(Referring expression grounding data)
======
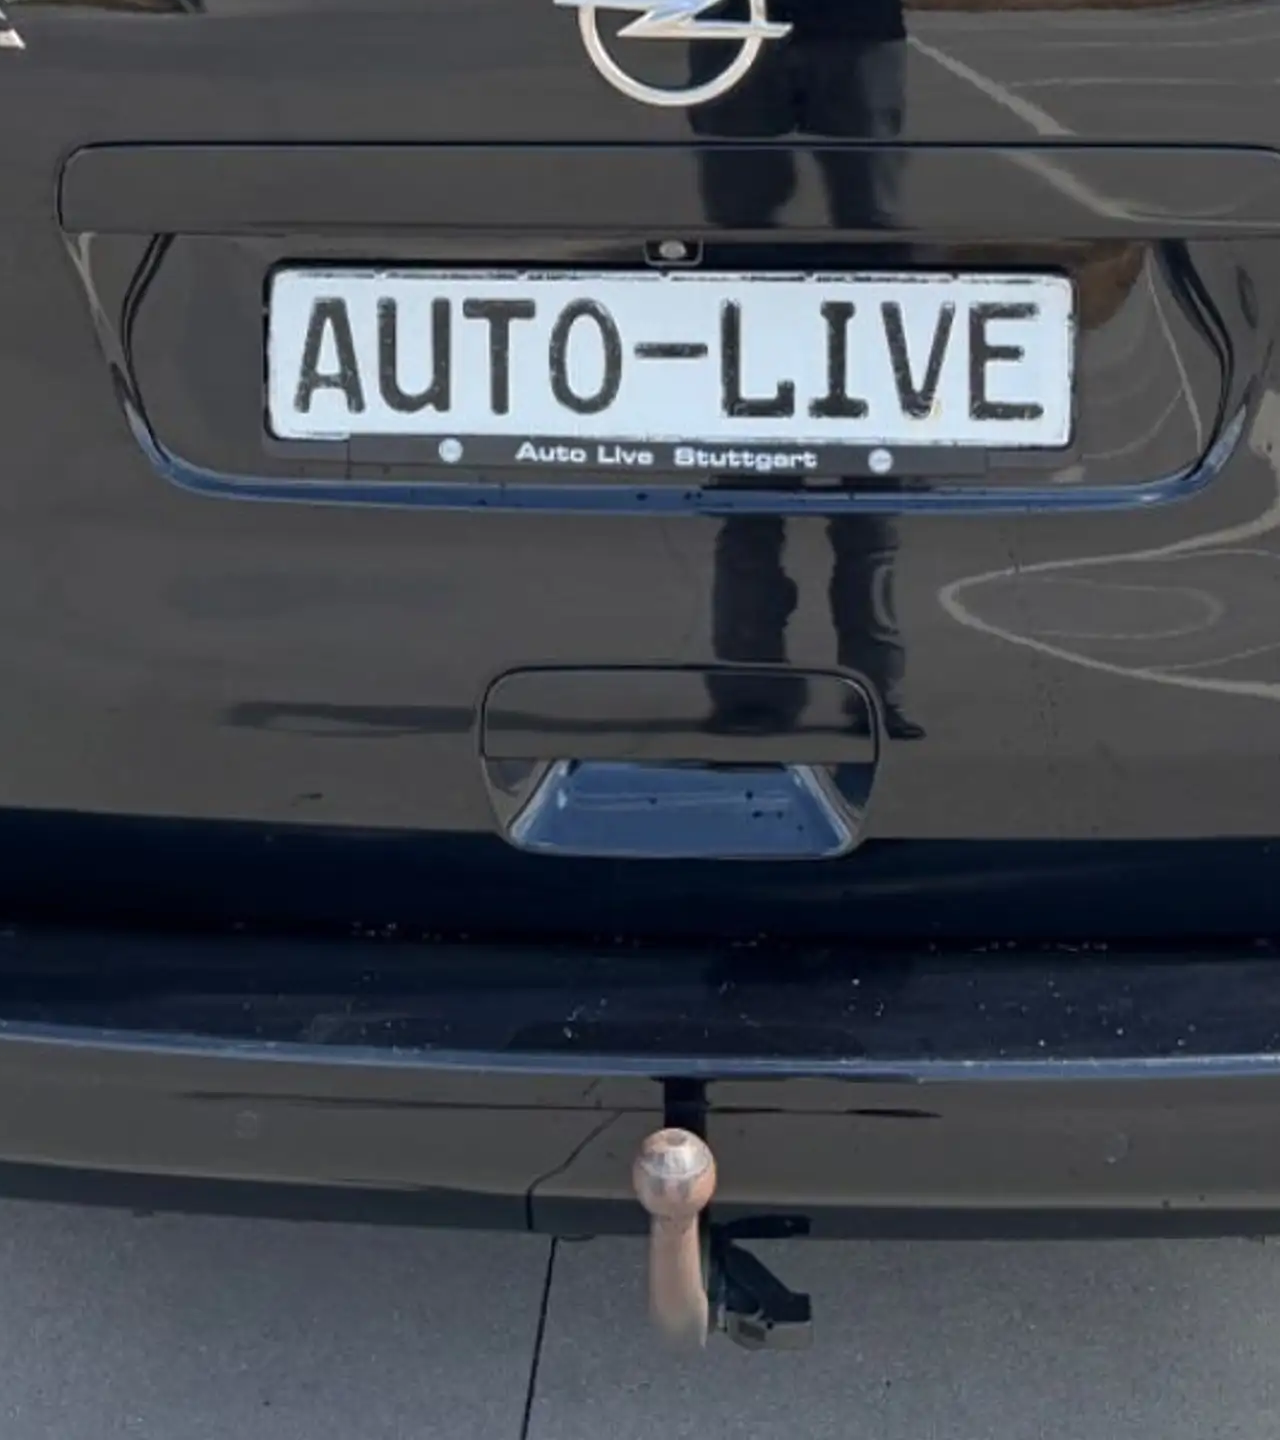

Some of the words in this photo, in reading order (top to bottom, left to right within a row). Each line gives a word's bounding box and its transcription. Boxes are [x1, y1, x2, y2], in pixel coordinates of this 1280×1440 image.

[293, 296, 1045, 420] AUTO-LIVE
[515, 443, 587, 466] Auto
[597, 444, 655, 468] Live
[673, 446, 818, 473] Stuttgart
======
Leave the pictures out. Repeat every entry above exactly.

Some of the words in this photo, in reading order (top to bottom, left to right within a row). Each line gives a word's bounding box and its transcription. Boxes are [x1, y1, x2, y2], in pixel coordinates of this 1280×1440 image.

[293, 296, 1045, 420] AUTO-LIVE
[515, 443, 587, 466] Auto
[597, 444, 655, 468] Live
[673, 446, 818, 473] Stuttgart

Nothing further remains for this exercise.